#### Task item
The entries below should be quoted exactly, with no pictures carried over.

= = = = =

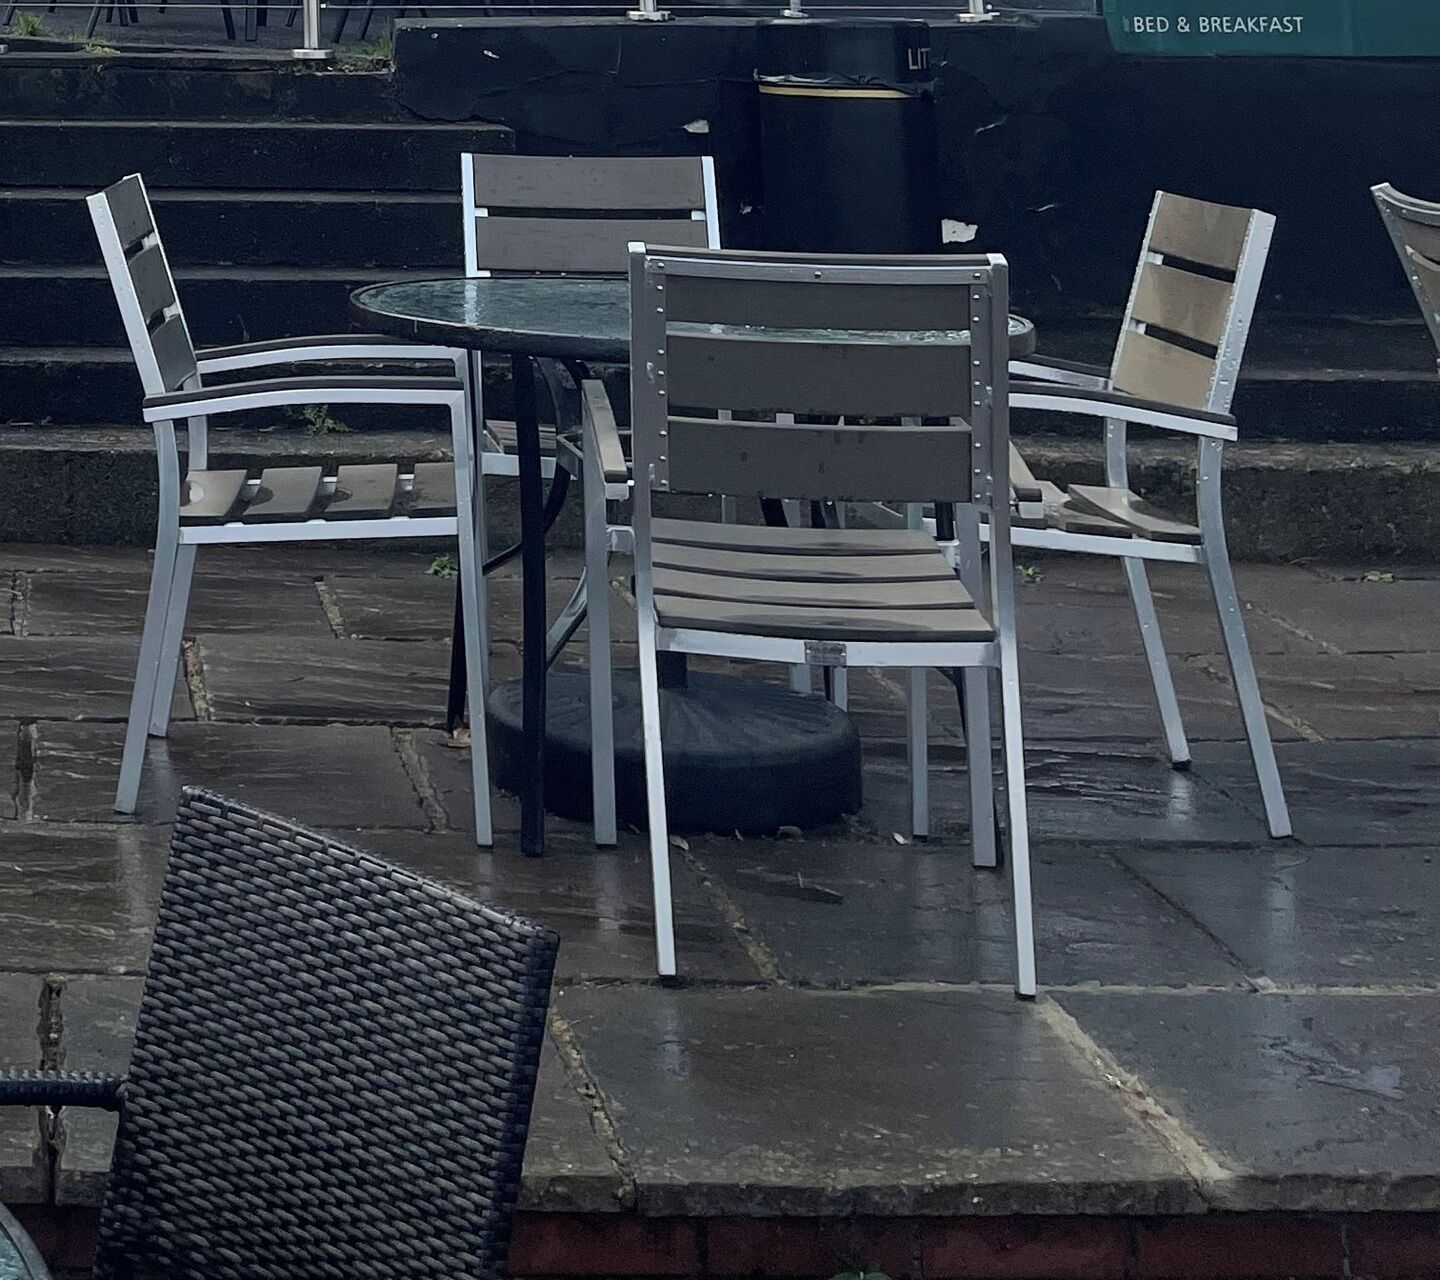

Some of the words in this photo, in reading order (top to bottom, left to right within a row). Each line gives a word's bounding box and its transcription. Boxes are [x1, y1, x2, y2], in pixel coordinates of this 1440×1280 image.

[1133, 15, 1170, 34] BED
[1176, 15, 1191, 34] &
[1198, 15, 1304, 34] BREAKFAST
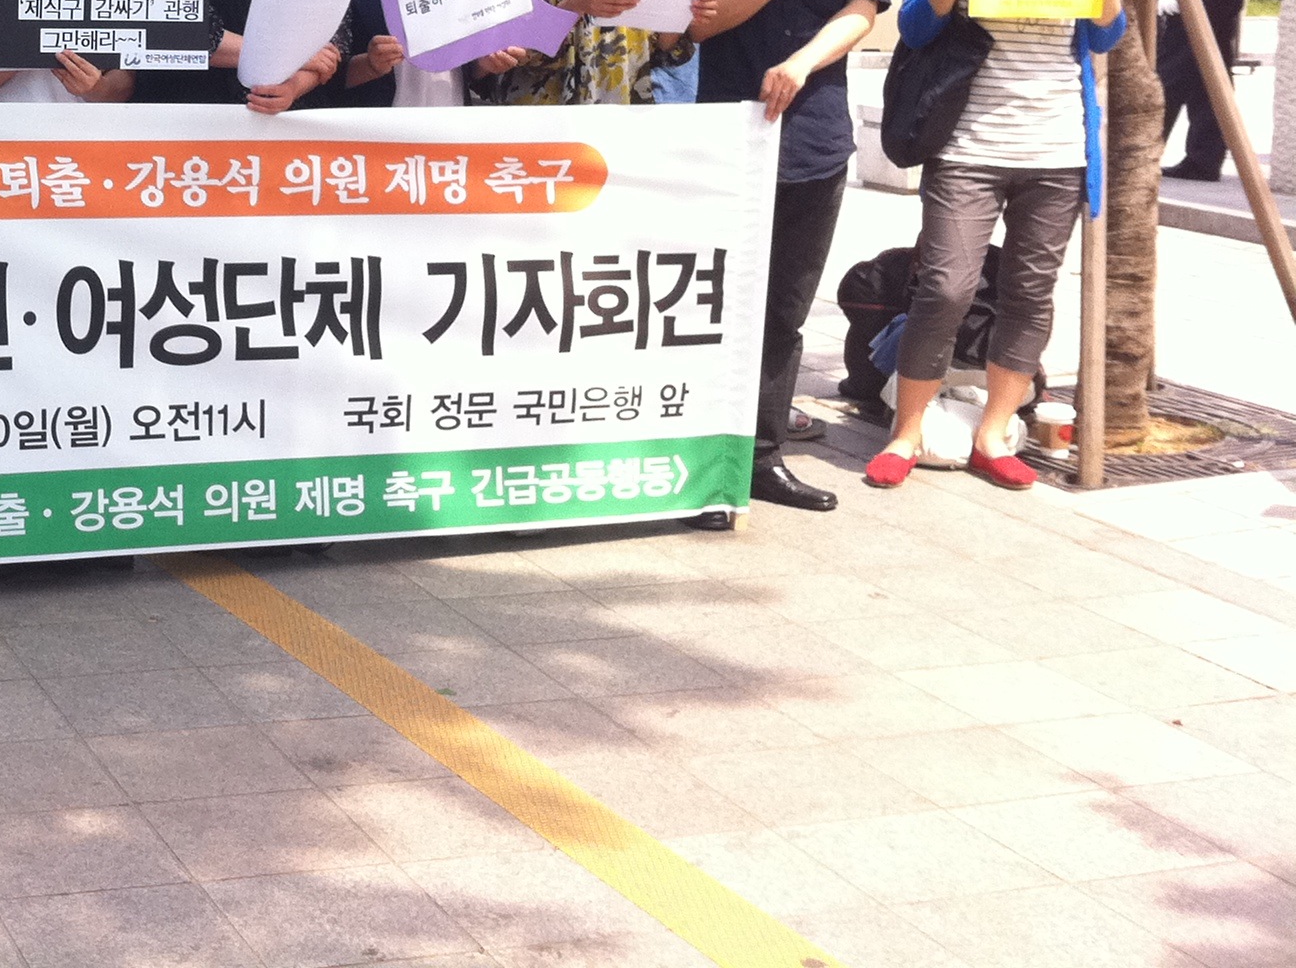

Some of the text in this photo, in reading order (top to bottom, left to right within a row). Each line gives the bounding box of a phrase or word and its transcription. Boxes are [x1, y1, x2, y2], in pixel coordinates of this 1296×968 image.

= = = = =

#### Problem solution
Some of the words in this photo, in reading order (top to bottom, left to right within a row). Each line gives a word's bounding box and its transcription. Boxes are [x1, y1, x2, y2], in pixel coordinates of this 1440×1280 image.

[1133, 15, 1170, 34] BED
[1176, 15, 1191, 34] &
[1198, 15, 1304, 34] BREAKFAST

Some of the text in this photo, in reading order (top to bottom, left to right within a row). Each line gives the bounding box of a phrase or word and its transcription. Boxes are [x1, y1, x2, y2], in pixel coordinates of this 1296×968 image.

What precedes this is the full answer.